Despite the Church claiming to be in possession of the actual gridiron, historian Patrick J. Healy argues that the traditional account of how Lawrence was martyred is "not worthy of credence", as the slow, lingering death cannot be reconciled "with the express command contained in the edict regarding bishops, priests, and deacons (animadvertantur) which ordinarily meant decapitation". A theory of how the tradition arose is proposed that as the result of a mistake in transcription, the omission of the letter "p" – "by which the customary and solemn formula for announcing the death of a martyr – passus est ["he suffered," that is, was martyred] – was made to read assus est [he was roasted]." The Liber Pontificalis, which is held to draw from sources independent of the existing traditions and Acta regarding Lawrence, uses passus est concerning him, the same term it uses for Pope Sixtus II, who was martyred by decapitation during the same persecution four days earlier.

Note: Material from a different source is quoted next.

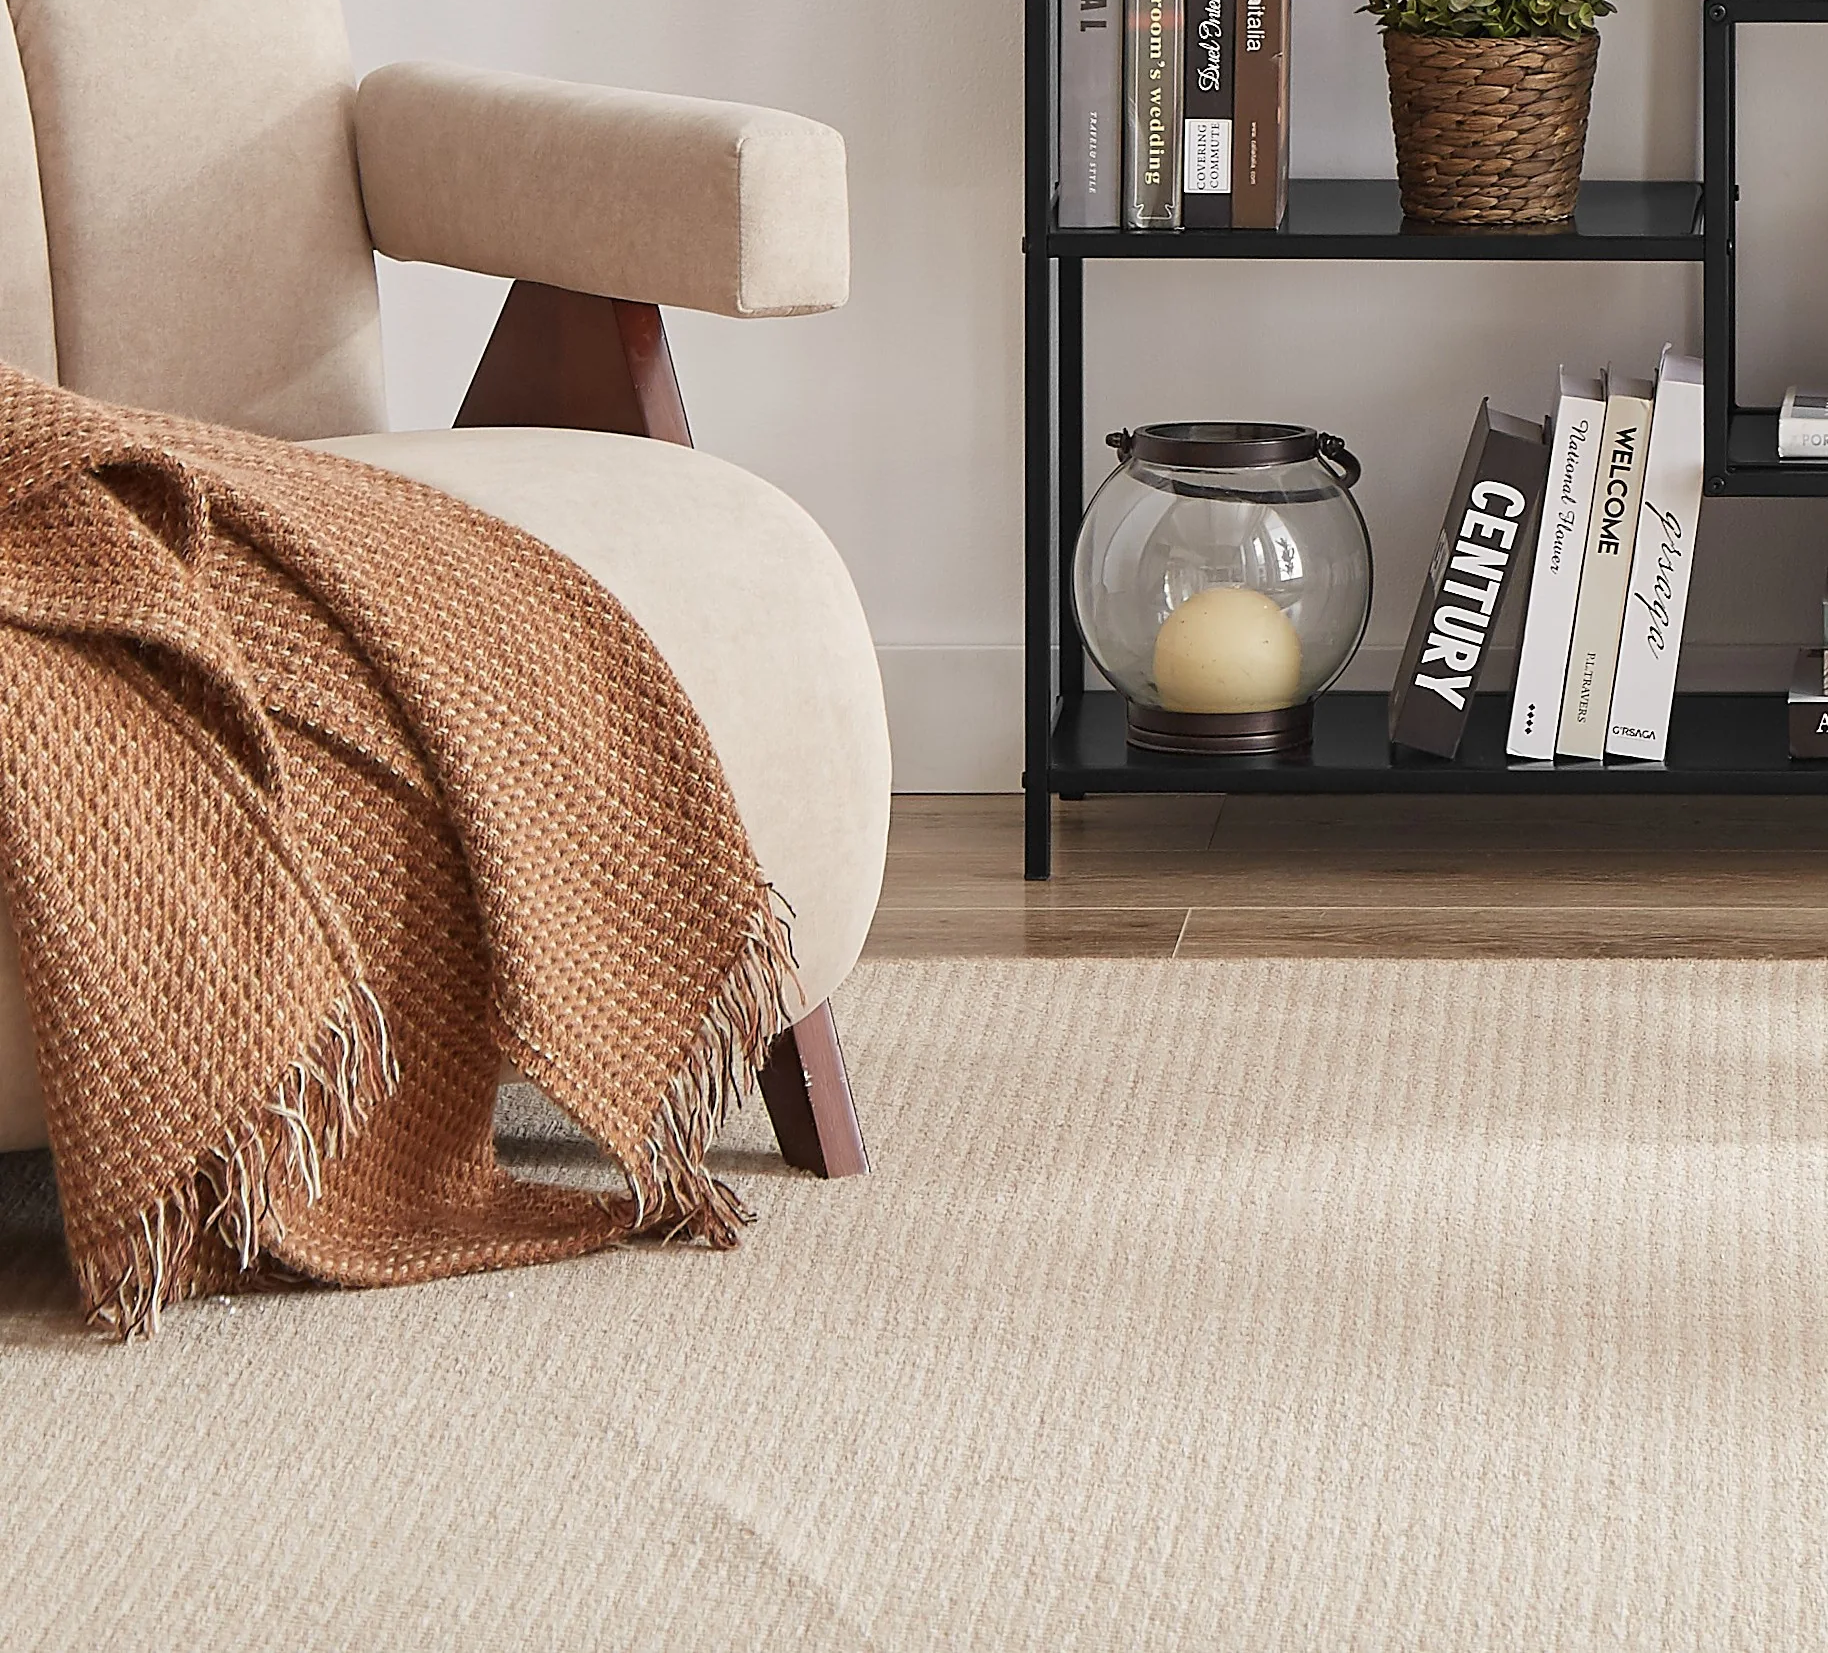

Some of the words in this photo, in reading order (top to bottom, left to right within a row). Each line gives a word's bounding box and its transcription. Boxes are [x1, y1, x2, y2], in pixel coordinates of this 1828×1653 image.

Emperor Constantine I is said to have erected a small oratory in honour of Lawrence, which was a station on the itineraries of the graves of the Roman martyrs by the seventh century. Pope Damasus I rebuilt or repaired the church, now the Basilica di San Lorenzo fuori le Mura, while the Minor Basilica of San Lorenzo in Panisperna was erected over the site of his martyrdom. The gridiron of the martyrdom was placed by Pope Paschal II in the Minor Basilica of San Lorenzo in Lucina.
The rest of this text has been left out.